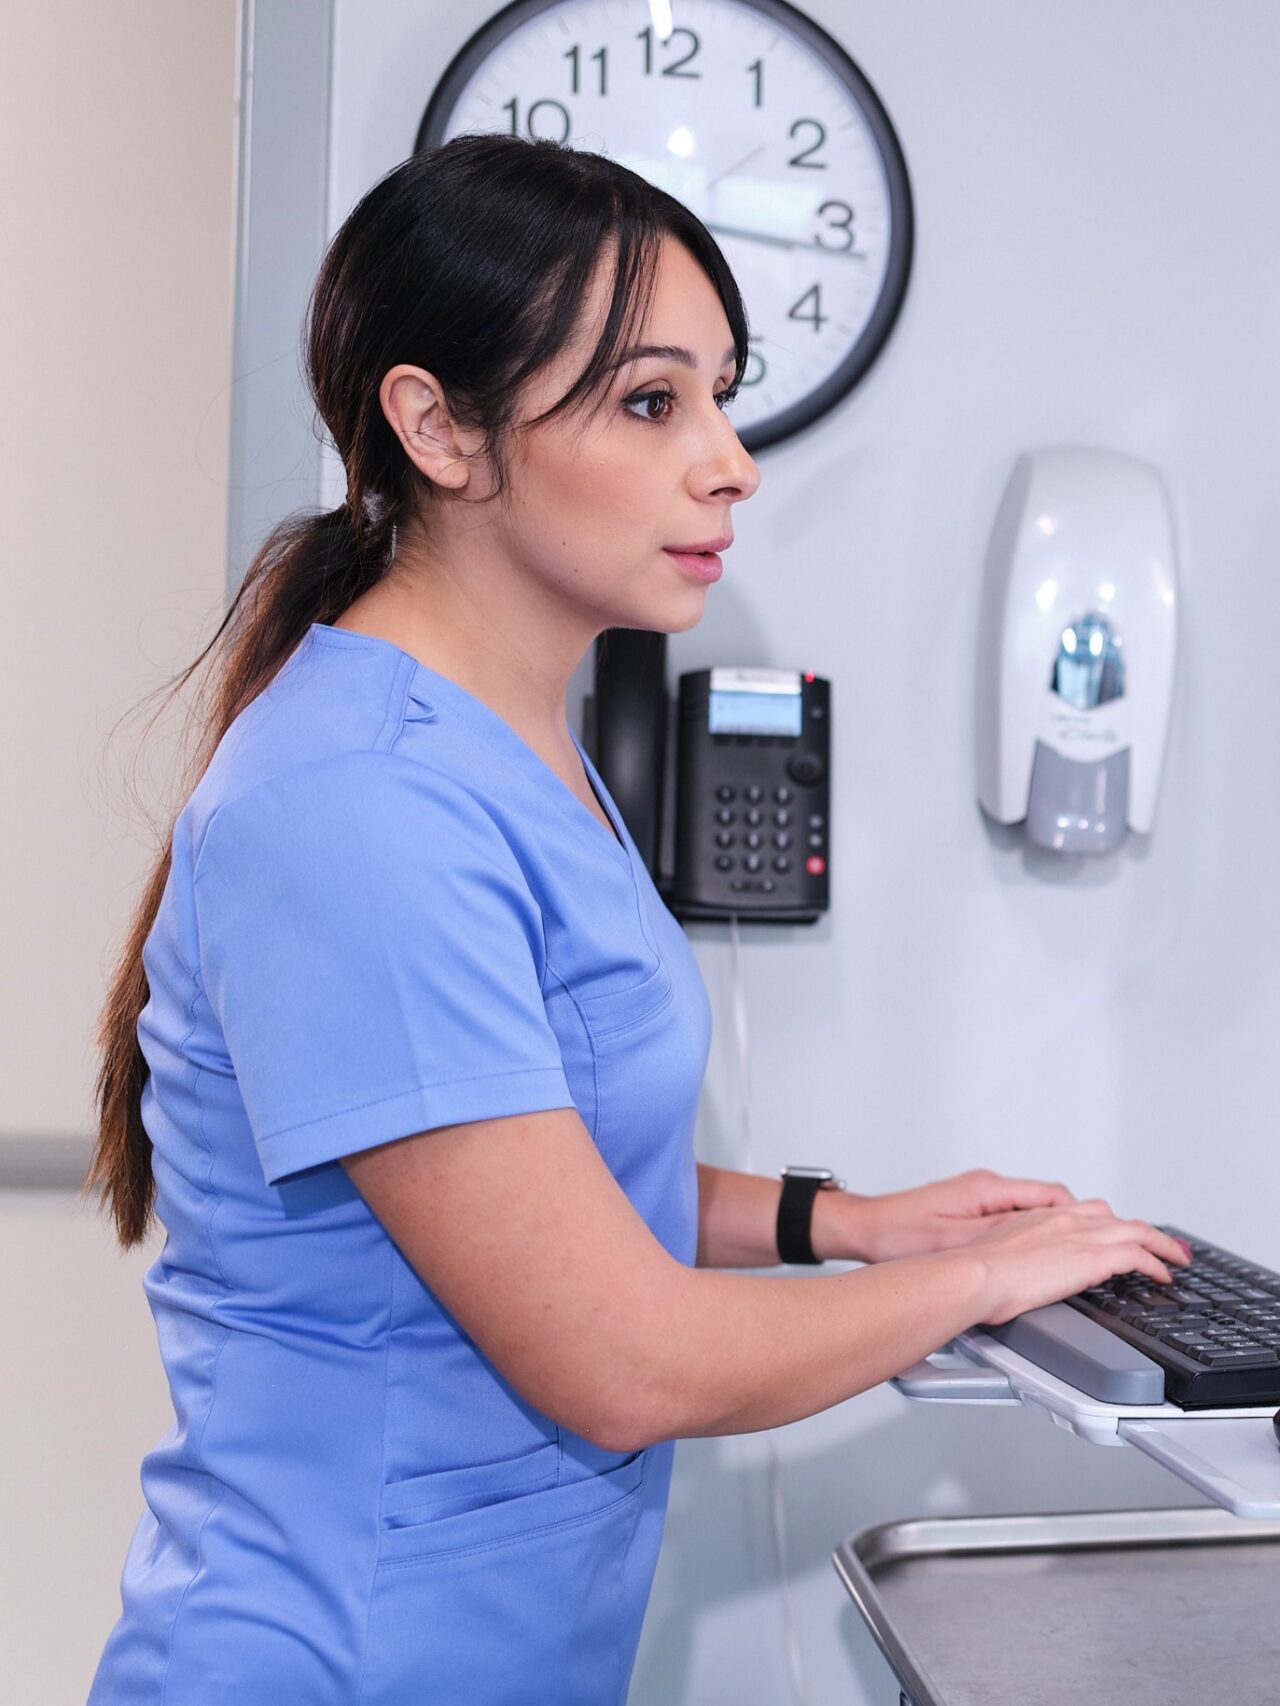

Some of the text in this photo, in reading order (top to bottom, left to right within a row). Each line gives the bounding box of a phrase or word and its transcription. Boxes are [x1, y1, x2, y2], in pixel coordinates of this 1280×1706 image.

[563, 44, 610, 97] 11
[636, 26, 702, 79] 12
[746, 58, 765, 108] 1
[502, 97, 571, 145] 10
[788, 118, 828, 170] 2
[815, 200, 855, 252] 3
[787, 283, 829, 333] 4

+ + +

What you need to do: Output the complete listing exactly as it appears, except for the images.

Result of the task:
Some of the text in this photo, in reading order (top to bottom, left to right within a row). Each line gives the bounding box of a phrase or word and its transcription. Boxes are [x1, y1, x2, y2], in pixel coordinates of this 1280×1706 image.

[563, 44, 610, 97] 11
[636, 26, 702, 79] 12
[746, 58, 765, 108] 1
[502, 97, 571, 145] 10
[788, 118, 828, 170] 2
[815, 200, 855, 252] 3
[787, 283, 829, 333] 4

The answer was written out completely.